Selma forces an important issue. If the Civil Rights Movement belonged to all Americans -- and, therefore, if its memory belongs to all Americans -- then that ownership must be an honest one. The Movement can no longer be a device by which white Americans feel good about themselves. It no longer can be used as history's truncheon against the legitimate social, cultural, and political aspirations of the people who are its truest heirs. For nearly 40 years now, the forces of reaction have tried to drown out this simple truth, or twist it beyond recognition so that they could use it for their own selfish purposes. For nearly 40 years now, the Republican party has married itself to a conservative movement that has sought to obscure the events on the Edmund Pettus Bridge as surely as the tear gas once did, and to obscure those events for the purposes of gutting everything that was accomplished, and gutting everything that was accomplished for the same reason people didn't want those things accomplished in the first place.

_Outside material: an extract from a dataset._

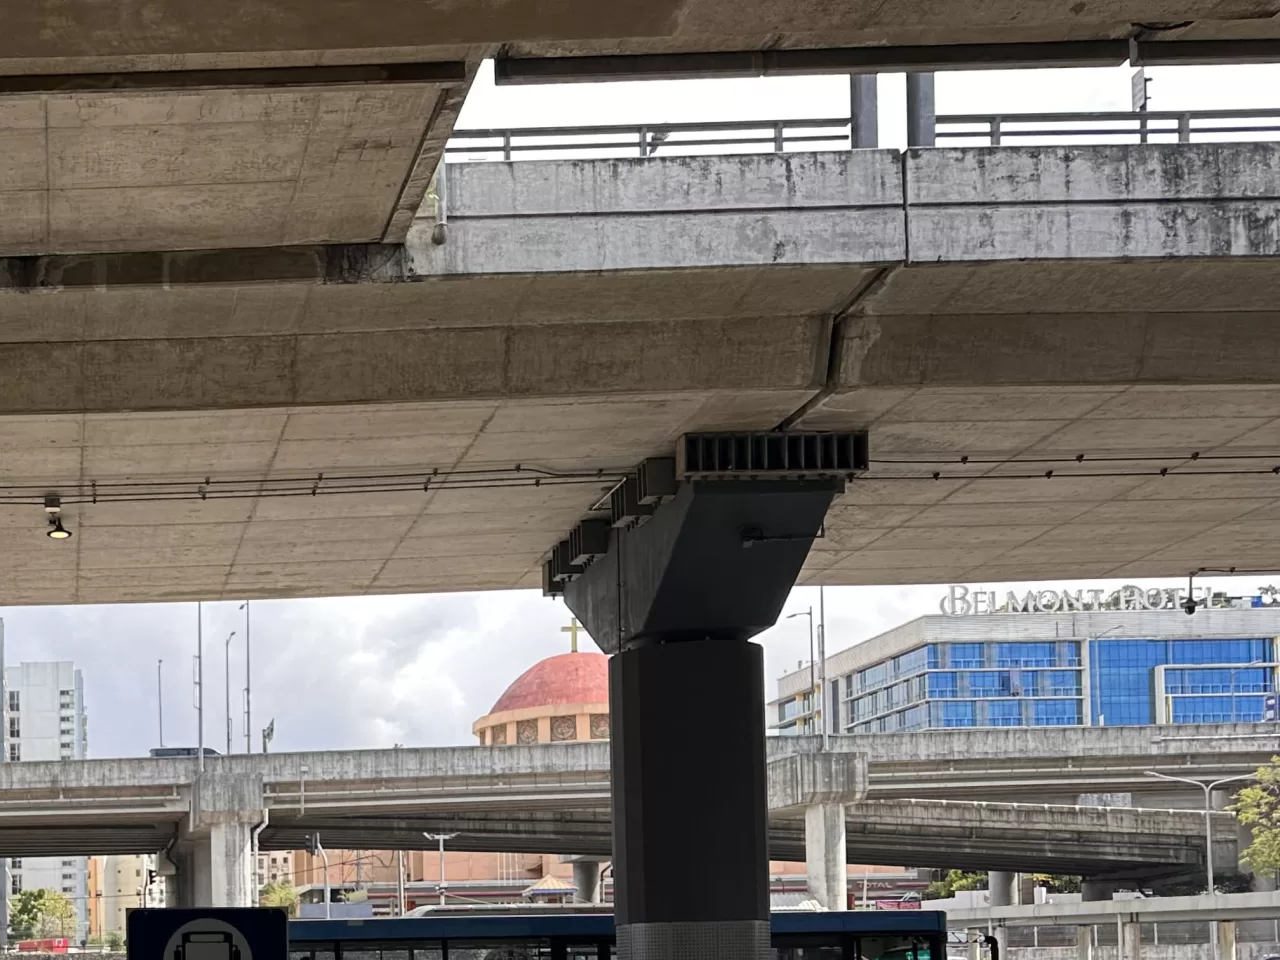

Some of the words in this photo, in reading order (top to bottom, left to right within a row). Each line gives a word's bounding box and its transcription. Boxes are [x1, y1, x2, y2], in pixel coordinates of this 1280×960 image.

[939, 585, 1104, 617] BELMONT
[1119, 585, 1213, 610] HOTEL
[856, 881, 893, 889] TOTAL

So we hear that the triumphs of the Civil Rights Movement, which were aided within the government by a Democratic president and the kind of Republicans who don't exist any more, are somehow cheapened and lessened by what, say, Robert Byrd and Hugo Black did in their 30's, and nobody notices that there no longer is a constituency within the Republican party for extending the franchise. The Civil Rights Movement…was an American war that culminated in an American victory, no more or less decisive than what was negotiated on the decks of the USS Missouri. It belongs to the country, which turns its back on that victory to its everlasting shame.